Once the conversion and renovation of the hotel is complete, Arora said he'd then pursue one of his original goals when he bought the building: putting a restaurant on its roof.
Arora says there's a demand for independent living that could increase his profitability.
"I've been told there's a waiting list on some of the independent living facilities," he said. "We know that we are going to make the money. We've done the rough calculations. We find this is going to be profitable."
Arora also says the change would benefit downtown businesses and could also help improve his sour relationship with the community.
"By utilizing this hotel to maximum capacity, it will be the best thing that can happen to the local merchants," he said. "You'll still keep the icon, at the same time, the traffic will be increased. We are here for the long haul and we are going to invest more money in this property, which will in turn bring more traffic, and hopefully it will bring a little bit of good will to us that we're not here to destroy the hotel, as people have the perception."
Asked about Arora's plan, Rabideau said it would be "very, very sad to have any part of the use of the hotel building converted to another use.

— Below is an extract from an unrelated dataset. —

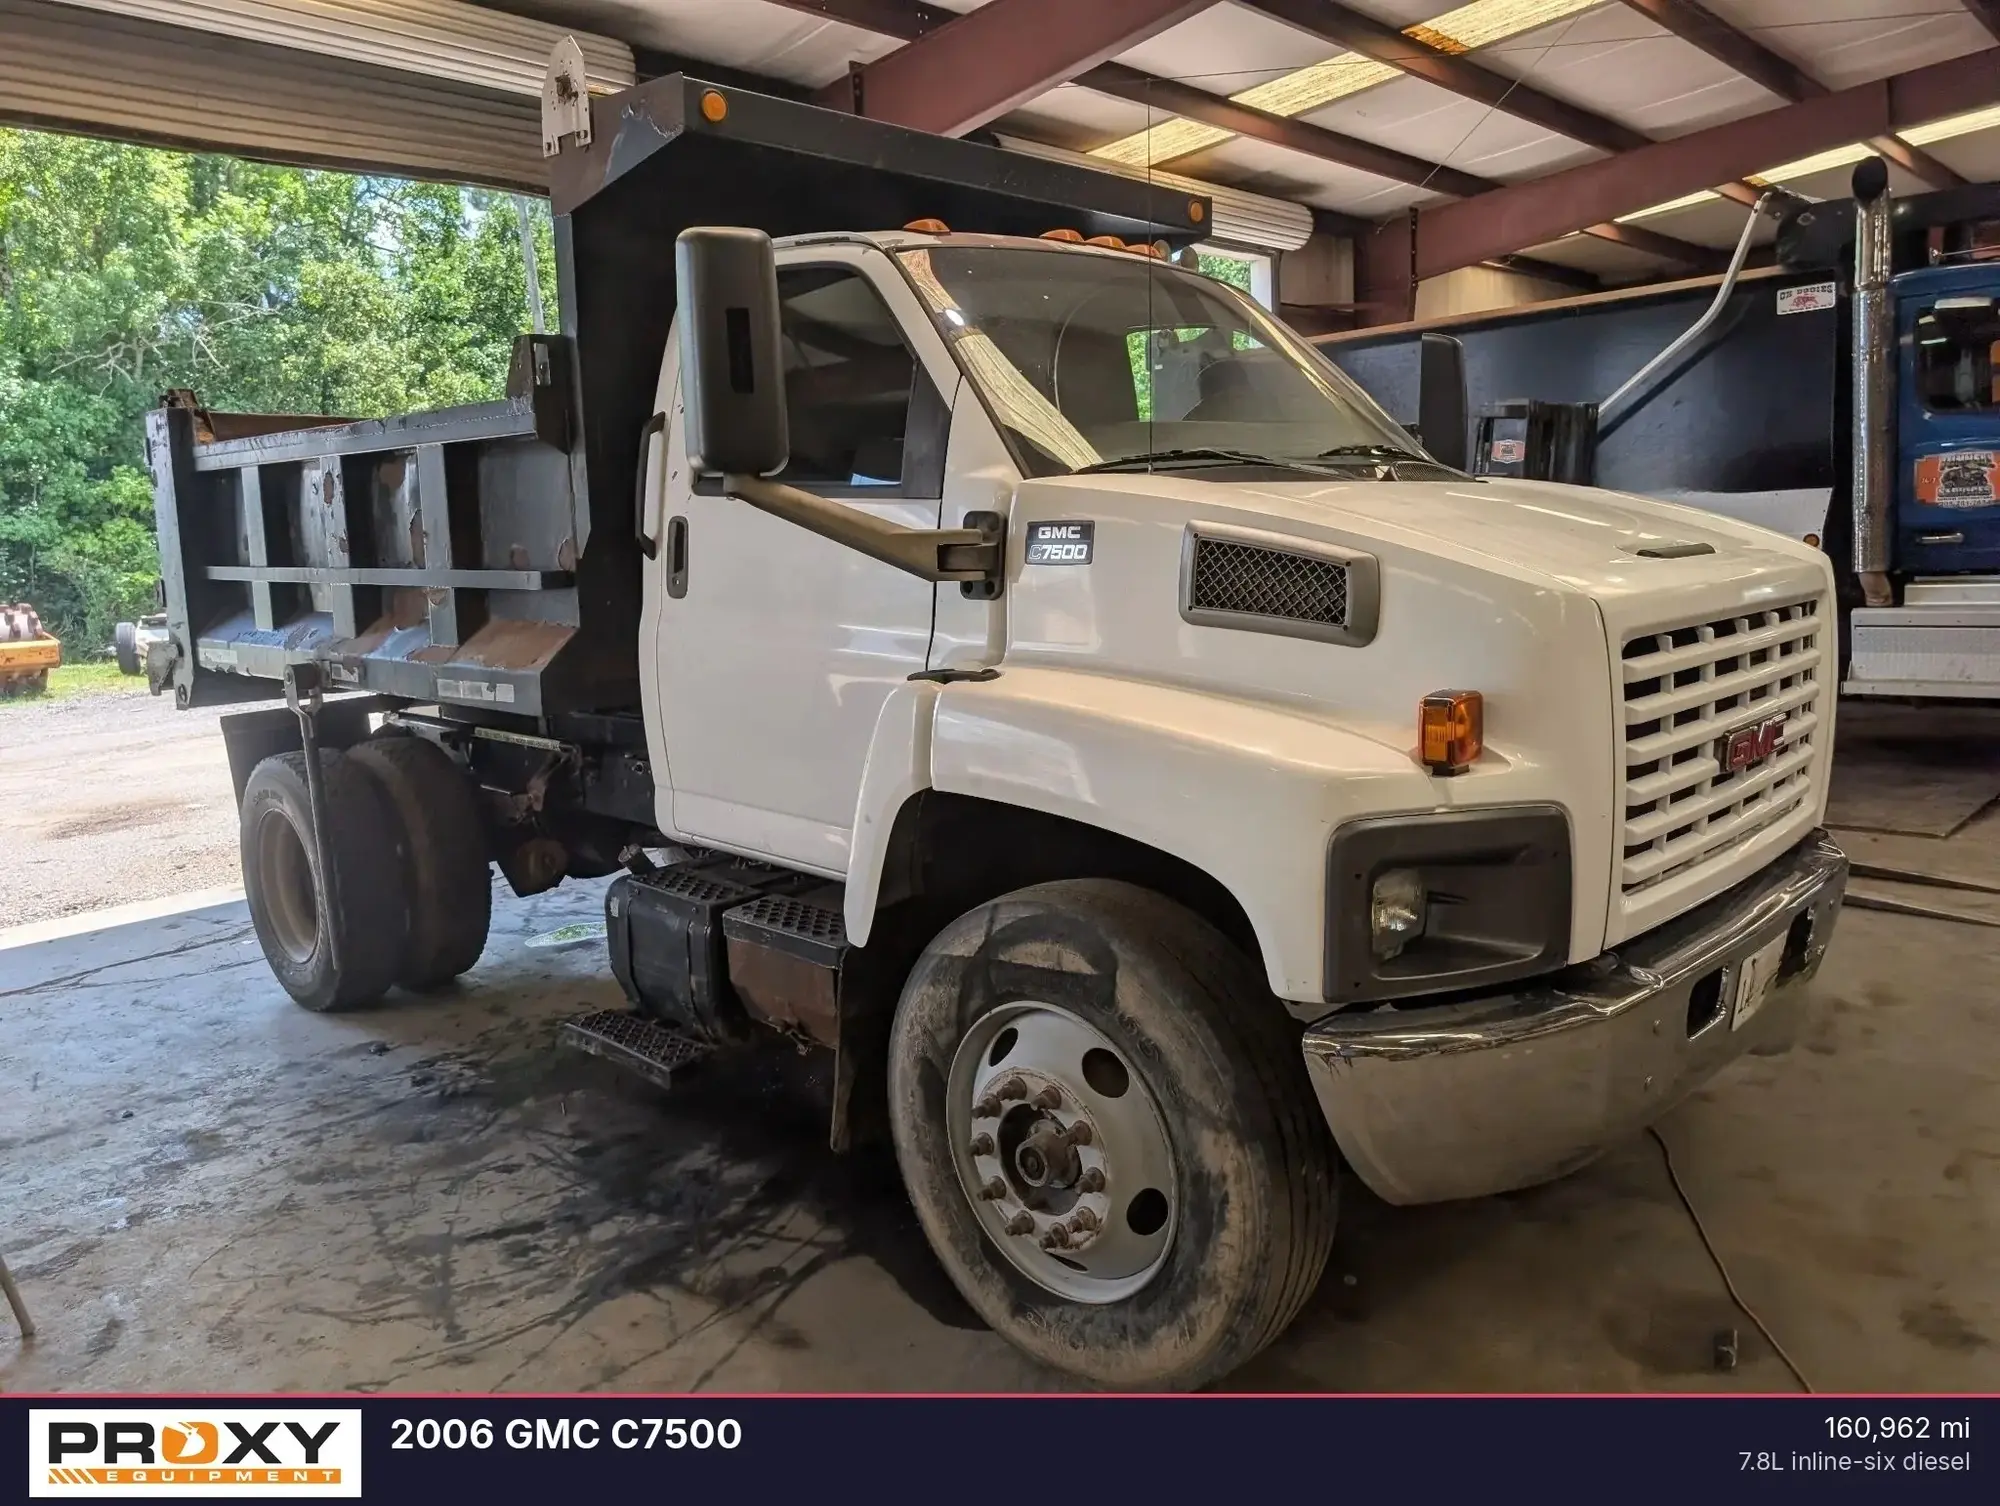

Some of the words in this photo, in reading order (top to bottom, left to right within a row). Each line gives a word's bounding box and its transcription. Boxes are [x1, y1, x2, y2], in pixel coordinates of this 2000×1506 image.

[1796, 285, 1833, 295] BODIES
[1038, 525, 1081, 539] GMC
[1028, 544, 1088, 560] C7500
[1728, 712, 1787, 772] GMC

"I think there's better locations in the village, or just outside the village, for assisted living. Secondly, I'll believe it when I see it. We've heard a lot of talk and a lot of plans. We've not seen anything except the degradation of the hotel since the owner purchased the building, and that's a fact."

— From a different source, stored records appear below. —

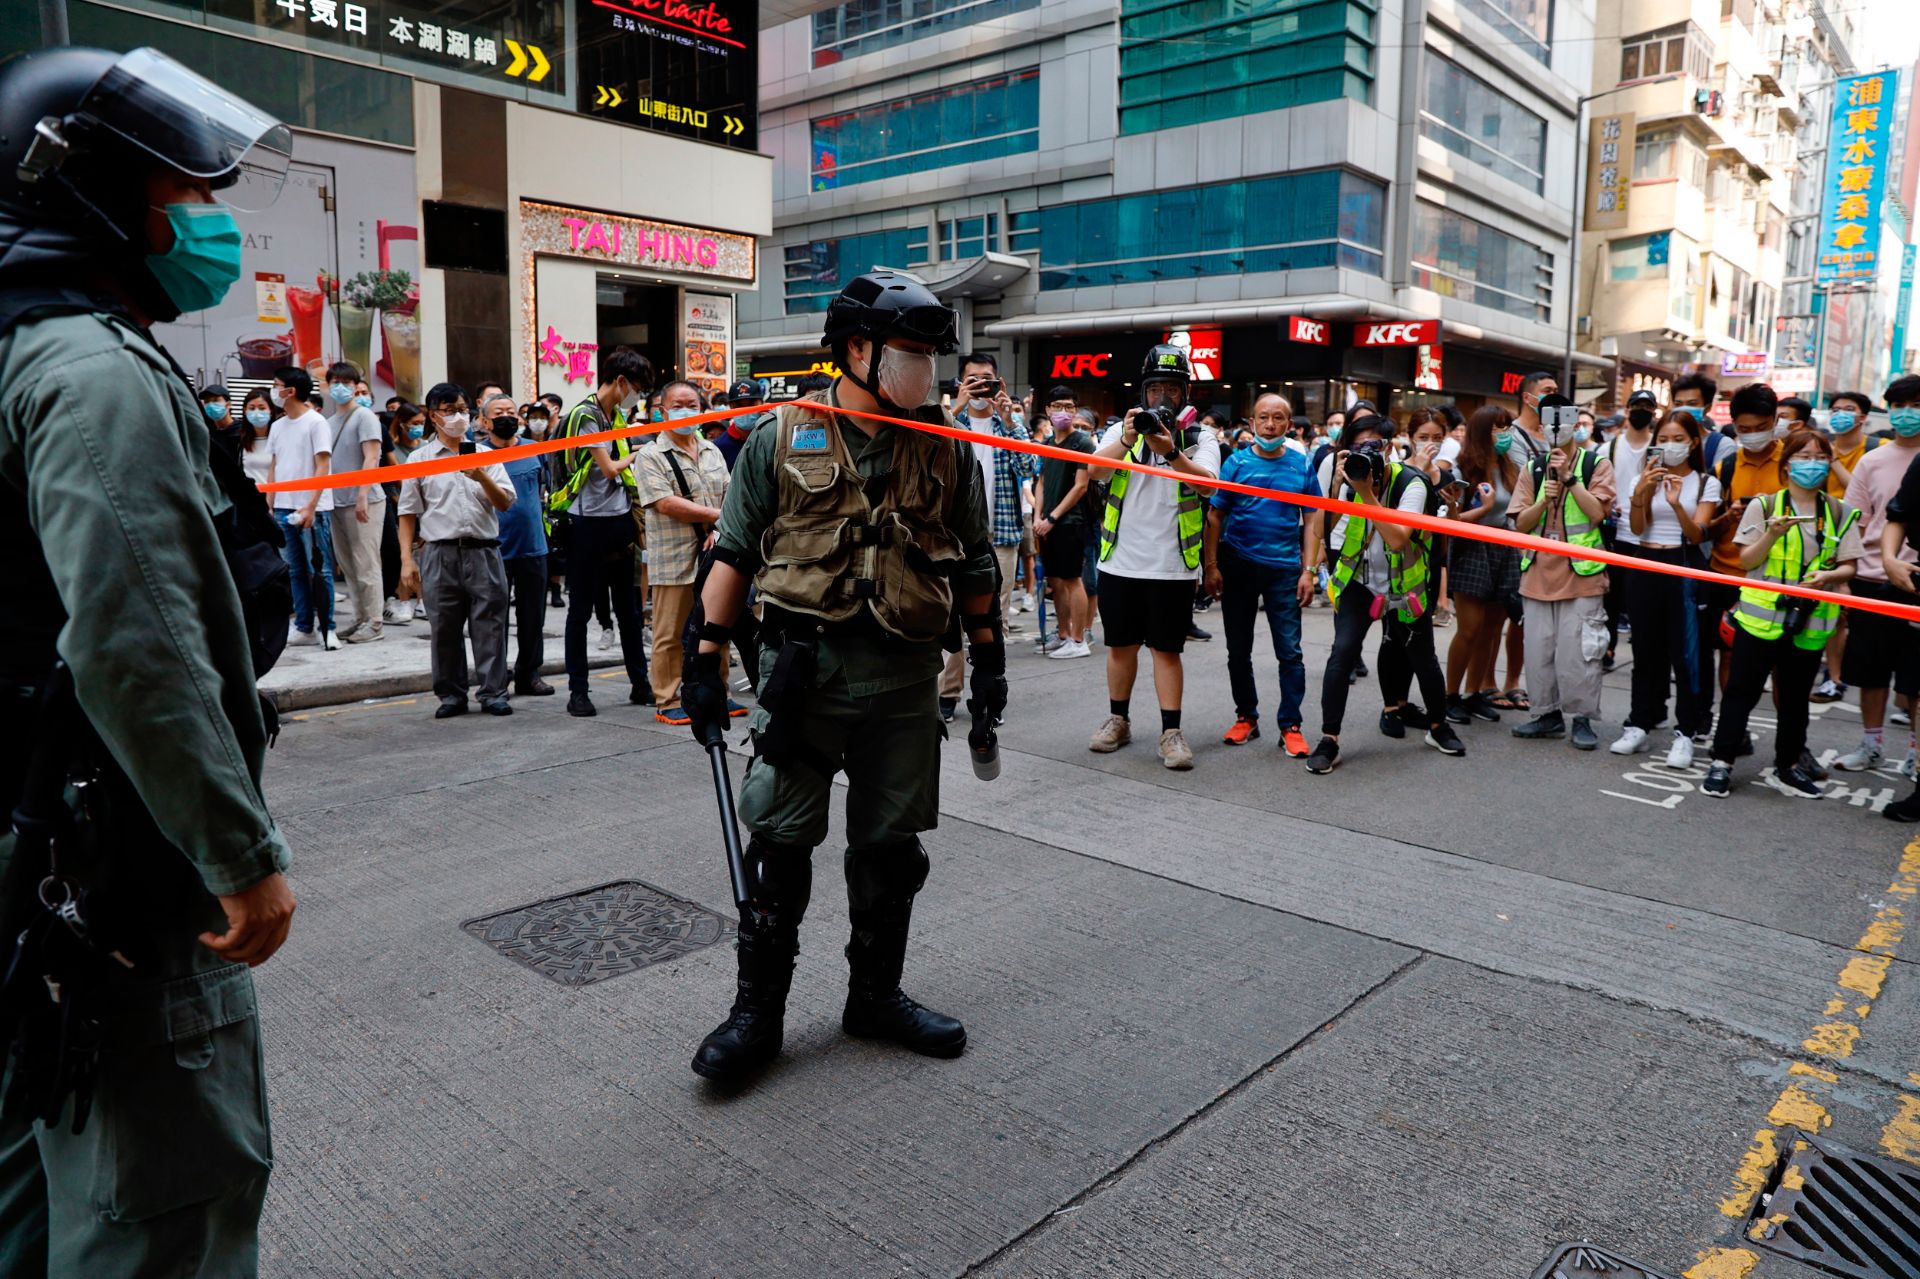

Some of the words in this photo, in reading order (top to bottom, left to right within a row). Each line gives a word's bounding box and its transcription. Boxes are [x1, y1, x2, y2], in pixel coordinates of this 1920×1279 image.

[639, 98, 707, 128] 山東街入口
[1832, 77, 1884, 249] 浦東水療桑拿
[563, 217, 621, 254] TAI
[638, 227, 718, 268] HING
[1296, 320, 1323, 343] KFC
[1366, 323, 1422, 344] KFC
[1051, 353, 1110, 378] KFC
[1192, 348, 1218, 359] KFC
[1502, 372, 1525, 394] KF

"We talked briefly about the new idea to turn the hotel into an assisted living facility or something like that," Van Cott said of his meeting with Arora. "He is a hotel person, so I find it surprising coming from him and wonder whether it is something his family wants to do with the hotel. The bottom line is that they hold all of the cards."
Rabideau said he understands that the hotel is private property and Arora can do with it as he pleases.
"But just like the Empire State Building is a proud part of New York City and it's privately owned, but for anybody to desecrate the Empire State Building would bring the wrath of the Big Apple upon them - the wrath of Saranac Lake may come upon the owner of the Hotel Saranac, because it's part of our town and it's an icon of Saranac Lake."